Top of DATASET RECORDS

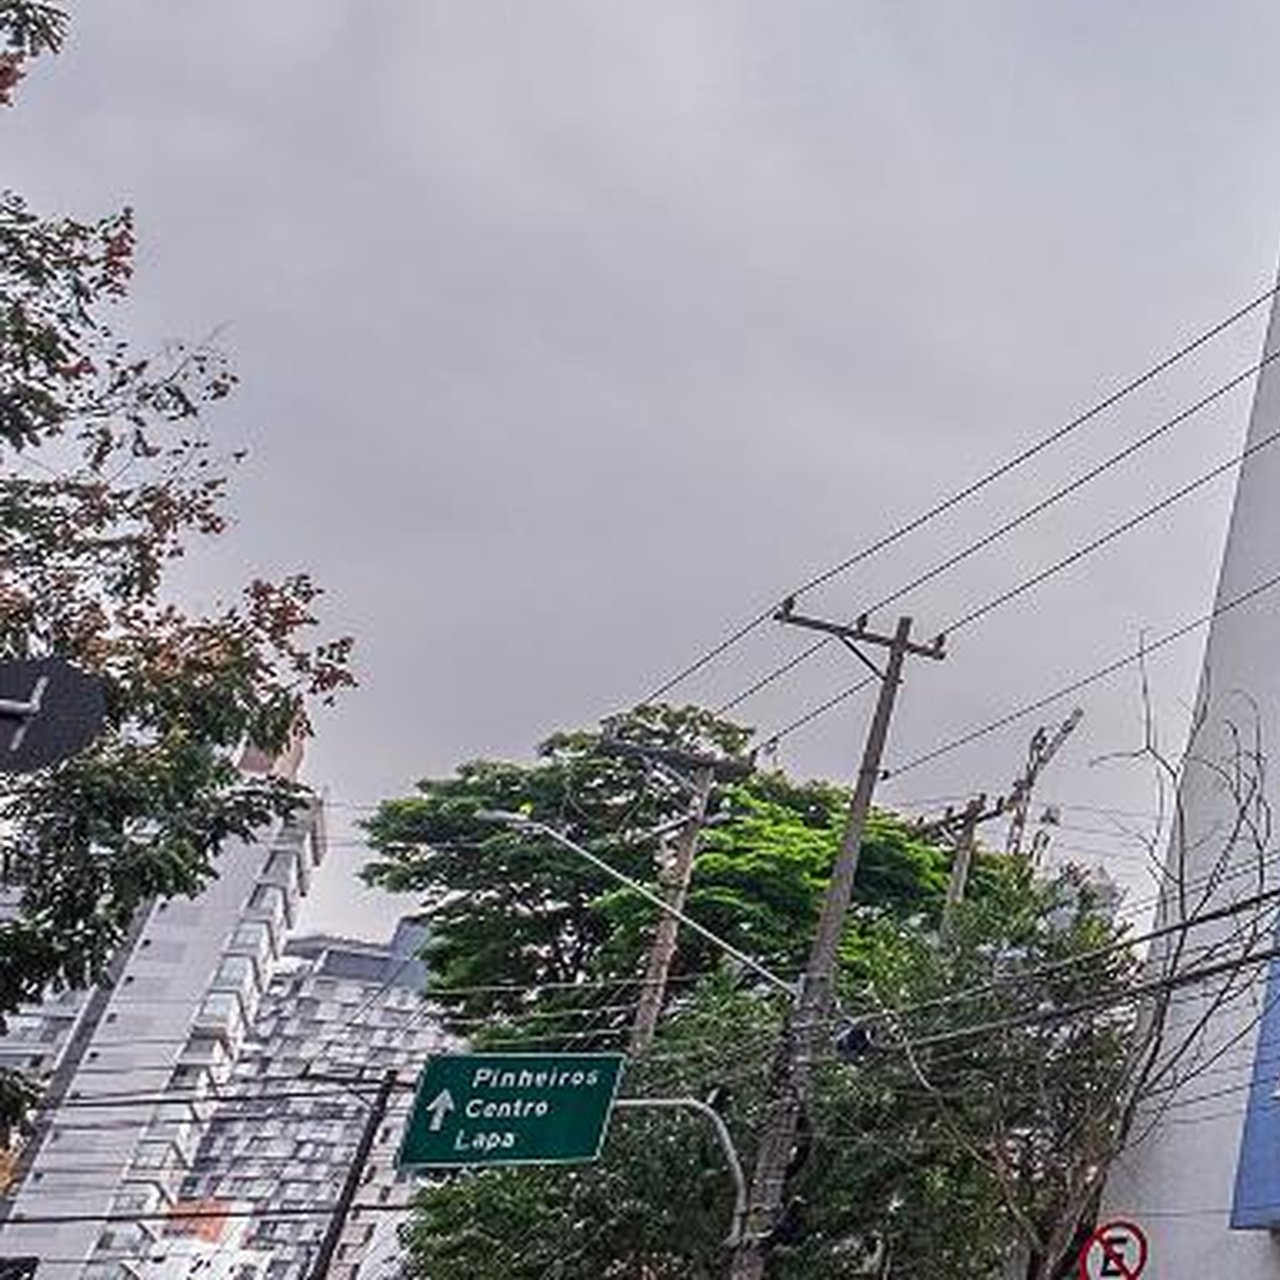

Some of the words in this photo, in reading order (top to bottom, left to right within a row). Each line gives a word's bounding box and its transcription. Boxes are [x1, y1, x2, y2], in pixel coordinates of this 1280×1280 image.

[472, 1067, 599, 1088] Pinheiros
[465, 1099, 549, 1118] Centro
[454, 1129, 515, 1153] Lapa
[1101, 1237, 1128, 1277] E
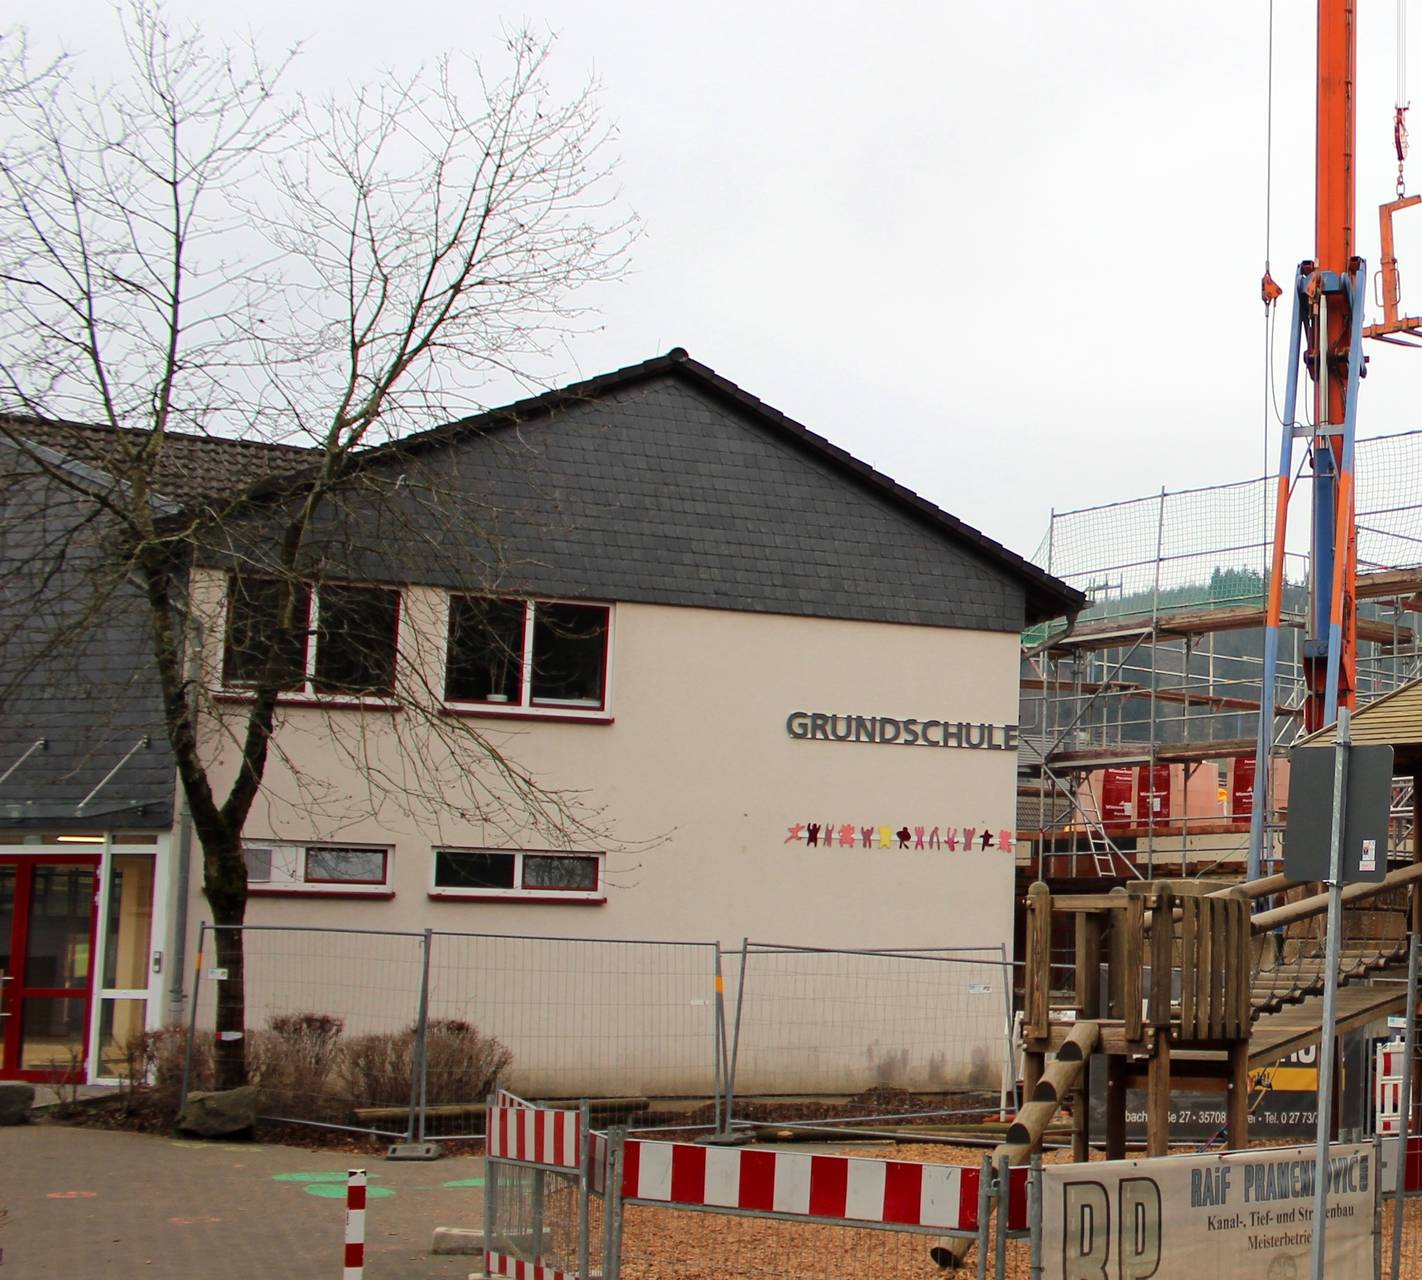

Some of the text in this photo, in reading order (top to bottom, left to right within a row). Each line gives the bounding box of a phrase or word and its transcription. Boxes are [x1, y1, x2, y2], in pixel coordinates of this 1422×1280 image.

[786, 711, 1018, 751] GRUNDSCHULE
[1178, 1111, 1191, 1123] 27
[1198, 1111, 1227, 1124] 35708
[1263, 1111, 1279, 1124] Tel.
[1281, 1111, 1287, 1124] 0
[1288, 1111, 1300, 1124] 27
[1207, 1203, 1354, 1232] Kanal-, Tief- und Strenbau
[1247, 1228, 1314, 1251] Meisterbetrie
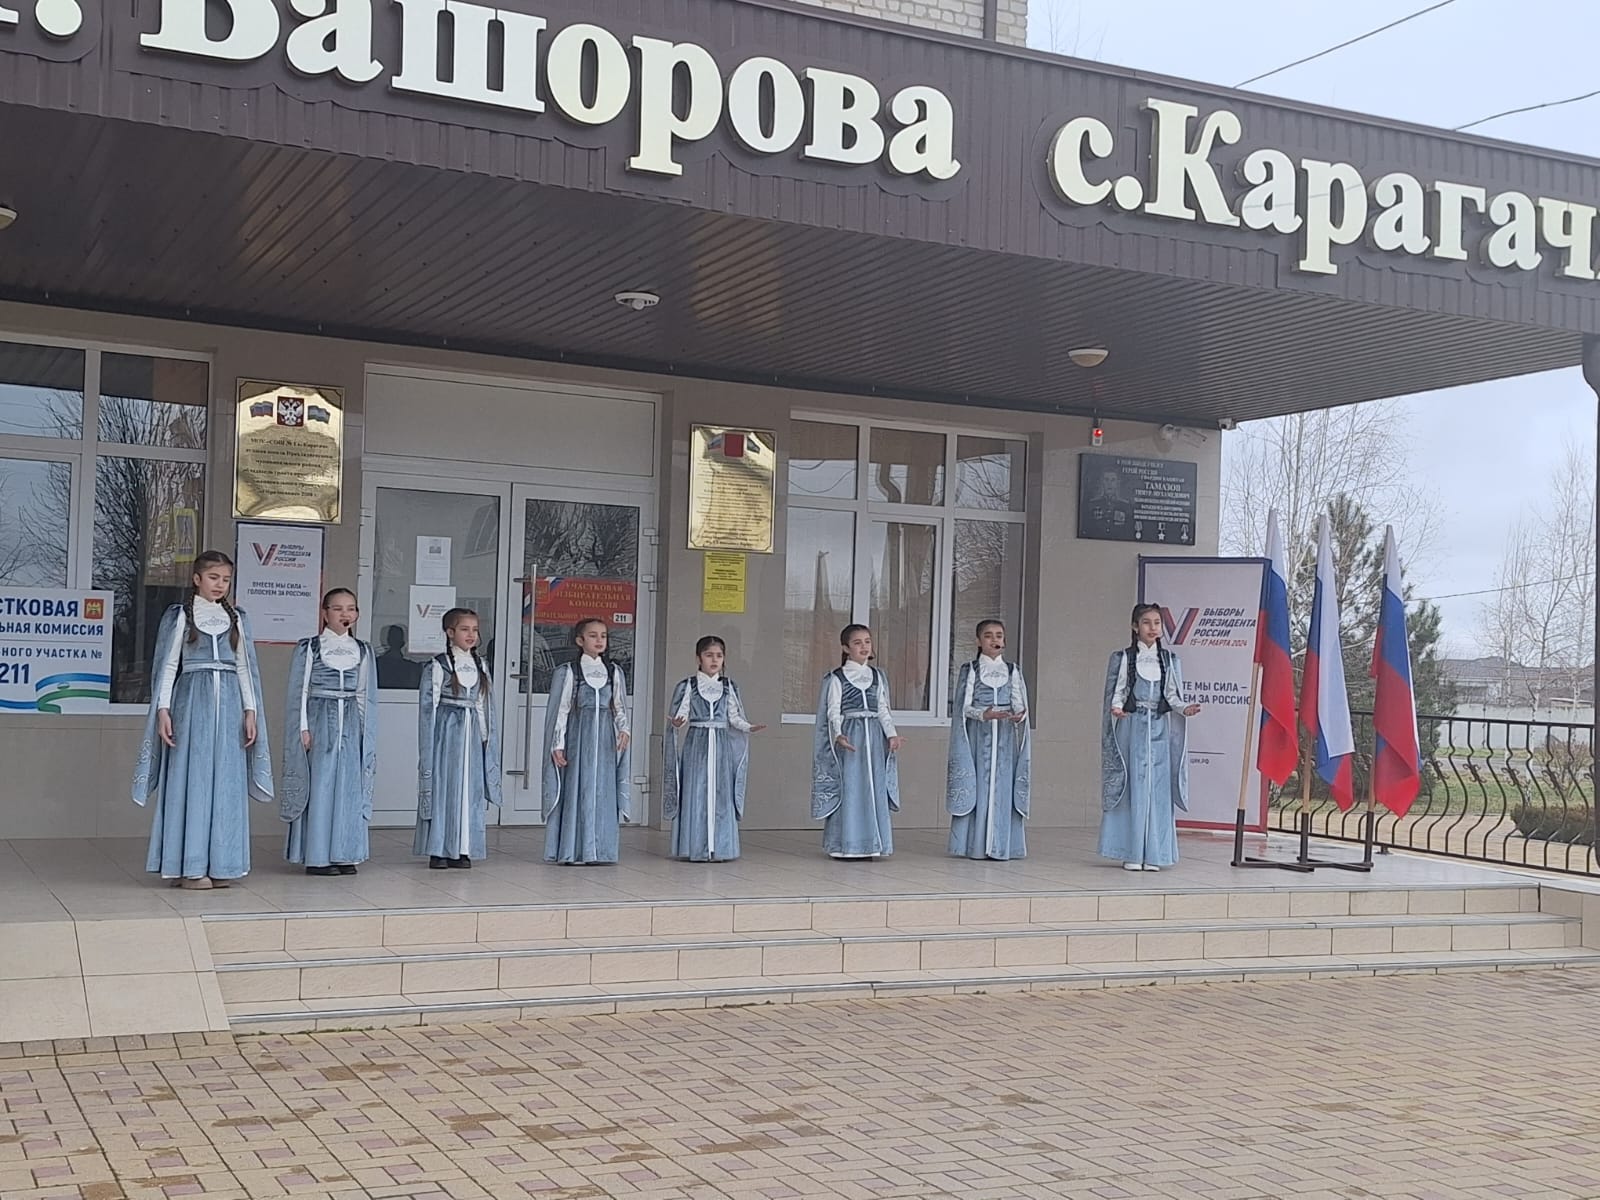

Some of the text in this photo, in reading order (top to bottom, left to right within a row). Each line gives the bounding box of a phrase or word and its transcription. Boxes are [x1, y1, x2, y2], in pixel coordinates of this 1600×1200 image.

[1053, 98, 1600, 280] с.Карагач
[566, 582, 623, 592] УЧАСТКОВАЯ
[568, 600, 618, 609] КОМИССИЯ
[1203, 608, 1245, 616] ВЫБОРЫ
[615, 614, 627, 622] 211
[1198, 618, 1257, 628] ПРЕЗИДЕНТА
[35, 623, 104, 636] КОМИССИЯ
[1194, 628, 1231, 637] РОССИИ
[1208, 639, 1231, 647] МАРТА
[1231, 639, 1248, 647] 2024
[0, 647, 103, 659] НОГО УЧАСТКА №
[0, 663, 29, 684] 211
[1194, 682, 1211, 691] МЫ
[1213, 682, 1239, 692] СИЛА
[1198, 694, 1210, 704] ЗА

Bottom of DATASET RECORDS

## TASK
Return the entries exactly as given. Do not include pictures.

## OUTPUT OF THE TASK
Some of the words in this photo, in reading order (top to bottom, left to right within a row). Each line gives a word's bounding box and its transcription. Boxes are [x1, y1, x2, y2], in pixel coordinates of this 1280×1280 image.

[472, 1067, 599, 1088] Pinheiros
[465, 1099, 549, 1118] Centro
[454, 1129, 515, 1153] Lapa
[1101, 1237, 1128, 1277] E

Some of the text in this photo, in reading order (top to bottom, left to right within a row). Each line gives the bounding box of a phrase or word and its transcription. Boxes are [x1, y1, x2, y2], in pixel coordinates of this 1422×1280 image.

[786, 711, 1018, 751] GRUNDSCHULE
[1178, 1111, 1191, 1123] 27
[1198, 1111, 1227, 1124] 35708
[1263, 1111, 1279, 1124] Tel.
[1281, 1111, 1287, 1124] 0
[1288, 1111, 1300, 1124] 27
[1207, 1203, 1354, 1232] Kanal-, Tief- und Strenbau
[1247, 1228, 1314, 1251] Meisterbetrie

Some of the text in this photo, in reading order (top to bottom, left to right within a row). Each line gives the bounding box of a phrase or word and its transcription. Boxes are [x1, y1, x2, y2], in pixel coordinates of this 1600×1200 image.

[1053, 98, 1600, 280] с.Карагач
[566, 582, 623, 592] УЧАСТКОВАЯ
[568, 600, 618, 609] КОМИССИЯ
[1203, 608, 1245, 616] ВЫБОРЫ
[615, 614, 627, 622] 211
[1198, 618, 1257, 628] ПРЕЗИДЕНТА
[35, 623, 104, 636] КОМИССИЯ
[1194, 628, 1231, 637] РОССИИ
[1208, 639, 1231, 647] МАРТА
[1231, 639, 1248, 647] 2024
[0, 647, 103, 659] НОГО УЧАСТКА №
[0, 663, 29, 684] 211
[1194, 682, 1211, 691] МЫ
[1213, 682, 1239, 692] СИЛА
[1198, 694, 1210, 704] ЗА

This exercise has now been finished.